I wonder if the ginger gene is dominant? No, no, not the Prince Harry, Nicole Kidman, Ed Sheeran kind of ginger gene. The one that makes you love anything cooked with gingerroot. Whatever the science, the Kees definitely have the gustatory obsession on both sides of the family.
Every Christmas morning for 27 years we’ve made Gram’s gingerbread muffins. Don’t know where she got her subtly-spiced recipe, but because she was born in East Texas in 1901, I’m guessing it’s close to 100 years old. Through the years we’ve changed her instructions to suit the times. We’ve added more cinnamon and allspice. And substituted butter for Crisco. But the biggest change has been the amount of ginger we use. First, we doubled the amount of the dried ingredient. Then we added fresh. And last year we even included crystallized chunks. It’s been almost impossible to make the muffins as gingery as we’d like.
Then we found this intensely rich ginger cake. It’s so dense and moist it almost tastes like chocolate. The reason? It uses an abundance of fresh ginger, creating a spicy, almost piquant cake. We used a peppery pinot noir in place of water which was originally in the recipe. It adds a bit of depth to an already memorable dessert which would be a perfect show-stopper for a dinner party, particularly if topped with a caramel or lemon sauce.
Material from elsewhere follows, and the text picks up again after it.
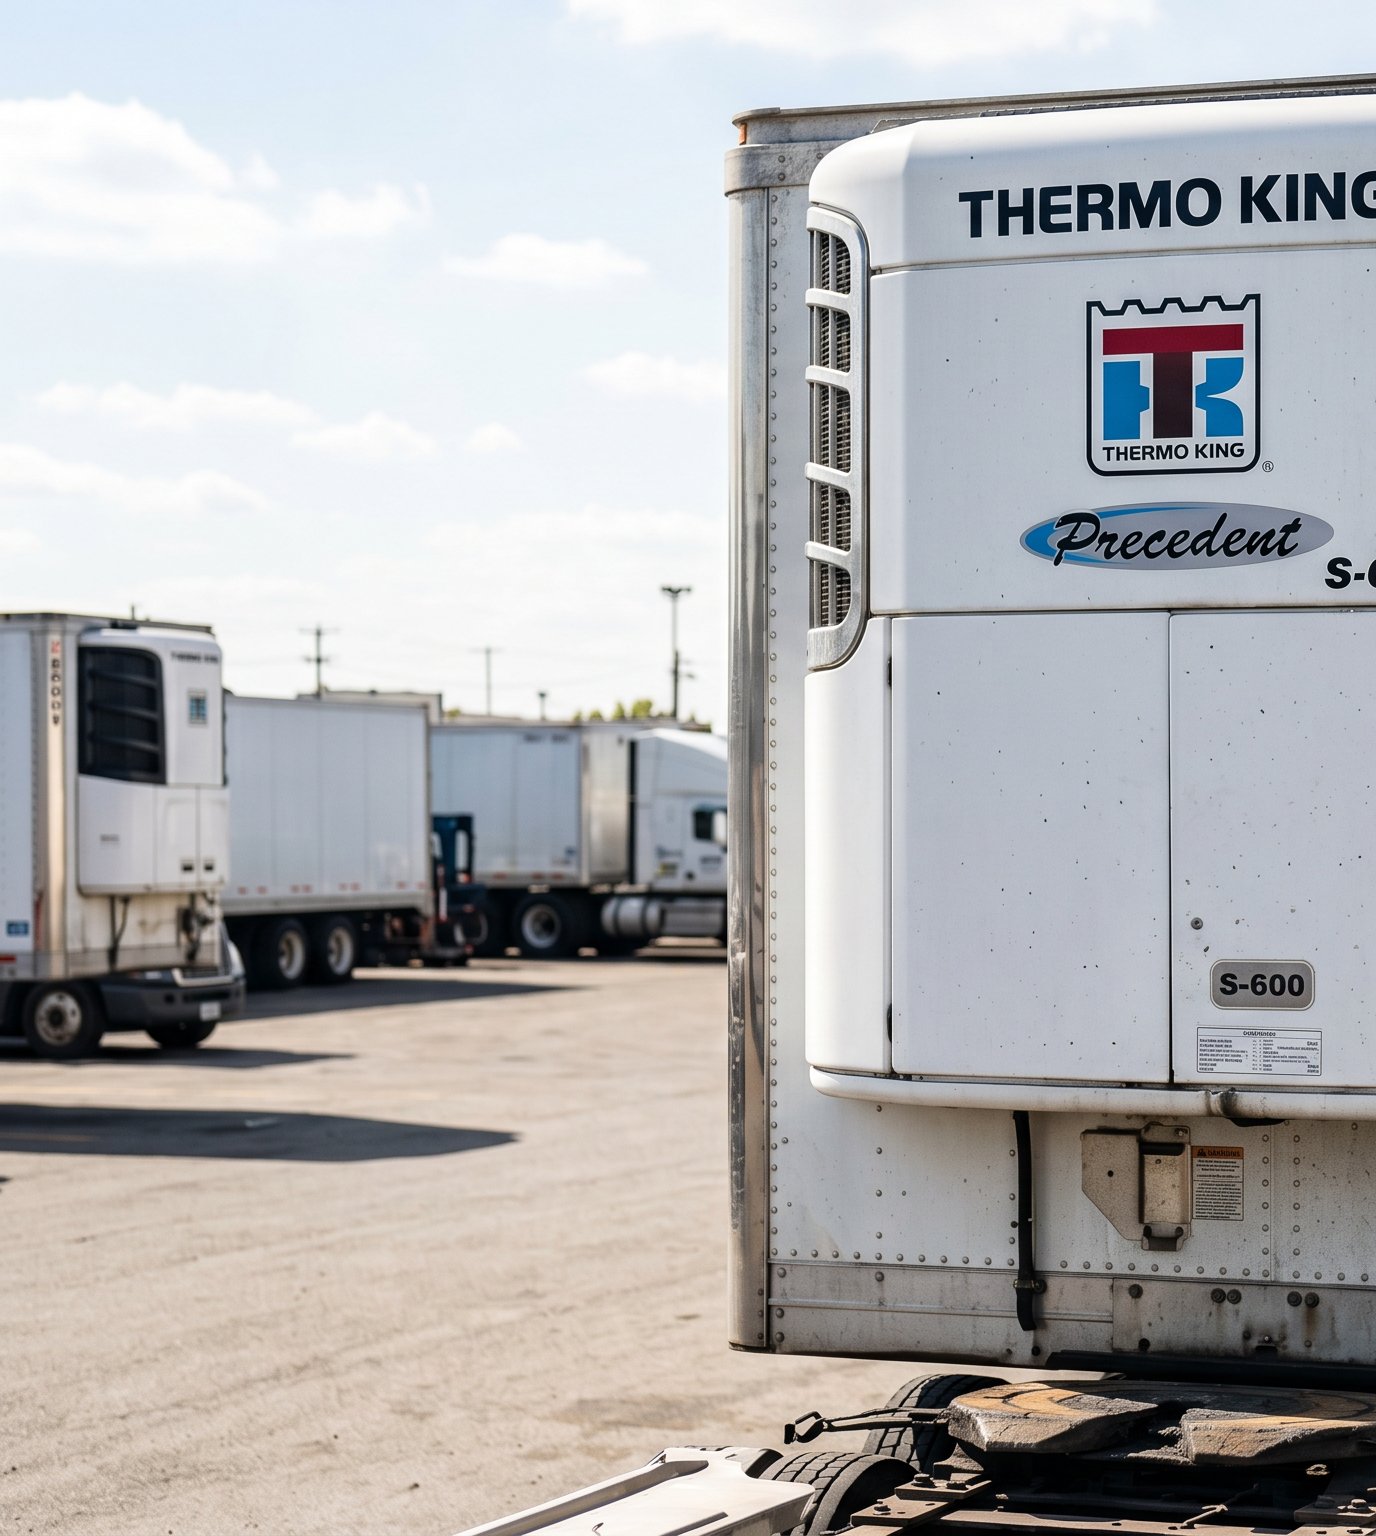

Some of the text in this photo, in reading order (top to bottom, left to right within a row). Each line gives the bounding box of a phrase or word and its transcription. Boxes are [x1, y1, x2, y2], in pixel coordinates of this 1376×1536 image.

[958, 177, 1222, 239] THERMO
[1102, 442, 1245, 462] THERMO KING
[1053, 512, 1303, 567] Precedent
[1219, 972, 1305, 997] S-600
Don’t know if we’ll serve this alcohol-infused version on Christmas morning. That might be a bit much (and what would Gram say?) But I bet Santa wants a piece off the plate when he comes down the chimney the night before.
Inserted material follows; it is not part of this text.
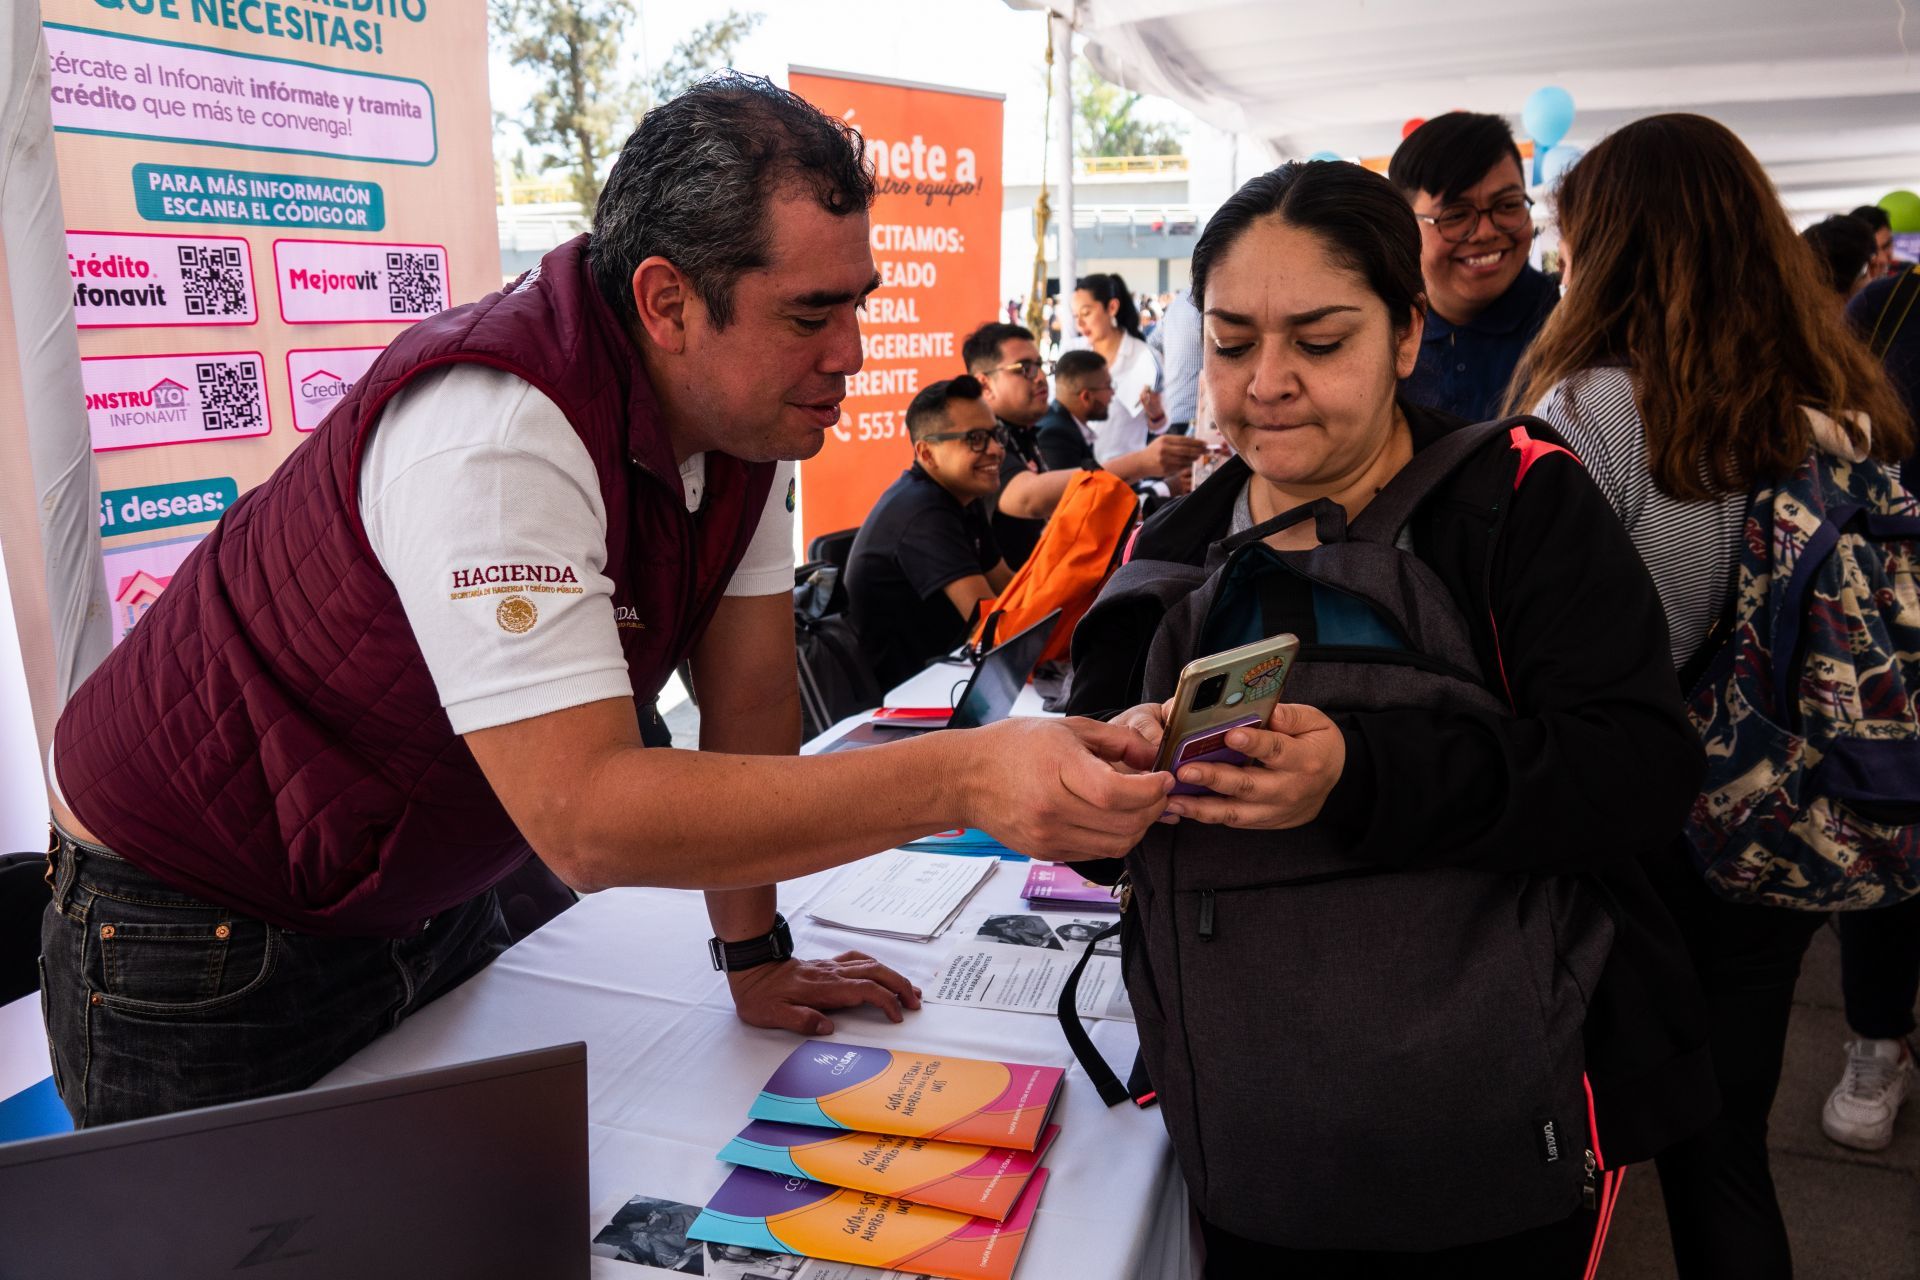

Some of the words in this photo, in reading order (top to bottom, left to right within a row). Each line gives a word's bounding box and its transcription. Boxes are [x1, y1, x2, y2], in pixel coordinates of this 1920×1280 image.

- 4 ounce piece fresh ginger, peeled and chopped into 1 inch slices
- 1 cup mild molasses
- 1 cup sugar
- 1 cup vegetable oil
- 2½ cups all-purpose flour
- 1 teaspoon ground cinnamon
- ½ teaspoon ground cloves
- ½ teaspoon ground black pepper
- 1 cup red wine, preferably a spicy Pinot Noir
- 2 teaspoons baking soda
- 2 large eggs
- Preheat the oven to 350 degrees. Butter the bottom and sides of a 9 inch springform pan. (Line the bottom with parchment paper if you want to invert it after baking.)
- Chop the ginger in food processor until finely minced.
- In a large bowl, mix together the molasses, sugar and oil. In a smaller bowl, whisk the flour, cinnamon, cloves and pepper to combine.
- In a small saucepan, bring the wine just to boiling, then add the baking powder. (Be careful, it may bubble up.) Whisk the wine into the molasses mixture, then add the ginger.
- Gradually add the flour mixture to the liquid ingredients, stirring to combine. Add the eggs and whisk just until blended.
- Pour the batter into the springform pan and bake until a toothpick inserted into the cake comes out clean, about 1 hour.
- Cool completely. Run a knife around the edge of the pan to loosen the edges. Remove the cake from the mold and invert, peeling off the parchment (if used).
- Optional: Serve with whipped cream, ice cream or other topping of choice.